*Exercise description*. Transcribe the listing verbatim. Do not carry over any pictures.

*** Opening of Provided records ***

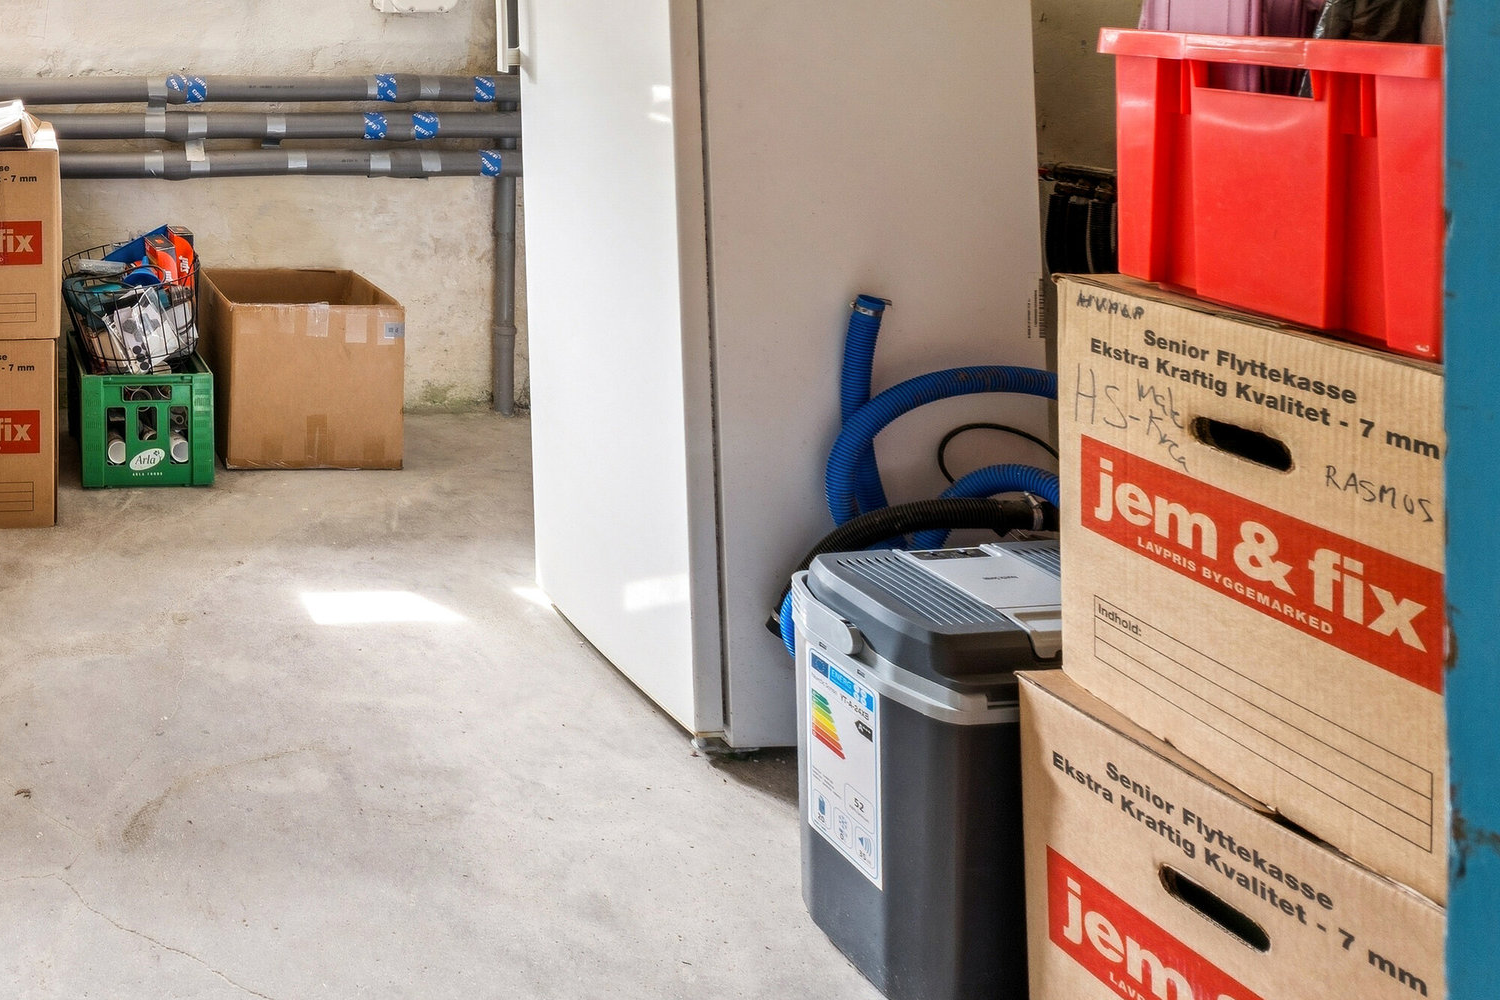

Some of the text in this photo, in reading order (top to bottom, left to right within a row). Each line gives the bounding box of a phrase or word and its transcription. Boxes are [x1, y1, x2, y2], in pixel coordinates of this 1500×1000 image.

[10, 174, 16, 182] 7
[8, 364, 14, 372] 7
[1090, 337, 1149, 370] Ekstra
[1156, 358, 1228, 398] Kraftig
[1236, 381, 1330, 427] Kvalitet
[1360, 418, 1375, 438] 7
[1386, 430, 1440, 460] mm
[1144, 329, 1357, 404] Senior Flyttekasse
[134, 454, 156, 465] Arla
[1324, 464, 1434, 523] RASMUS
[1094, 456, 1429, 654] jem & fix
[1137, 536, 1334, 636] LAVPRIS BYGGEMARKED
[1098, 603, 1142, 638] Indhold:
[1052, 750, 1114, 804] Ekstra
[1120, 794, 1196, 860] Kraftig
[1204, 847, 1307, 926] Kvalitet
[1338, 928, 1356, 952] 7
[1368, 949, 1428, 997] mm
[1106, 762, 1334, 910] Senior Flyttekasse
[1063, 876, 1193, 1000] jem

*** Close of Provided records ***

*Reply*.
Some of the text in this photo, in reading order (top to bottom, left to right within a row). Each line gives the bounding box of a phrase or word and its transcription. Boxes are [x1, y1, x2, y2], in pixel coordinates of this 1500×1000 image.

[10, 174, 16, 182] 7
[8, 364, 14, 372] 7
[1090, 337, 1149, 370] Ekstra
[1156, 358, 1228, 398] Kraftig
[1236, 381, 1330, 427] Kvalitet
[1360, 418, 1375, 438] 7
[1386, 430, 1440, 460] mm
[1144, 329, 1357, 404] Senior Flyttekasse
[134, 454, 156, 465] Arla
[1324, 464, 1434, 523] RASMUS
[1094, 456, 1429, 654] jem & fix
[1137, 536, 1334, 636] LAVPRIS BYGGEMARKED
[1098, 603, 1142, 638] Indhold:
[1052, 750, 1114, 804] Ekstra
[1120, 794, 1196, 860] Kraftig
[1204, 847, 1307, 926] Kvalitet
[1338, 928, 1356, 952] 7
[1368, 949, 1428, 997] mm
[1106, 762, 1334, 910] Senior Flyttekasse
[1063, 876, 1193, 1000] jem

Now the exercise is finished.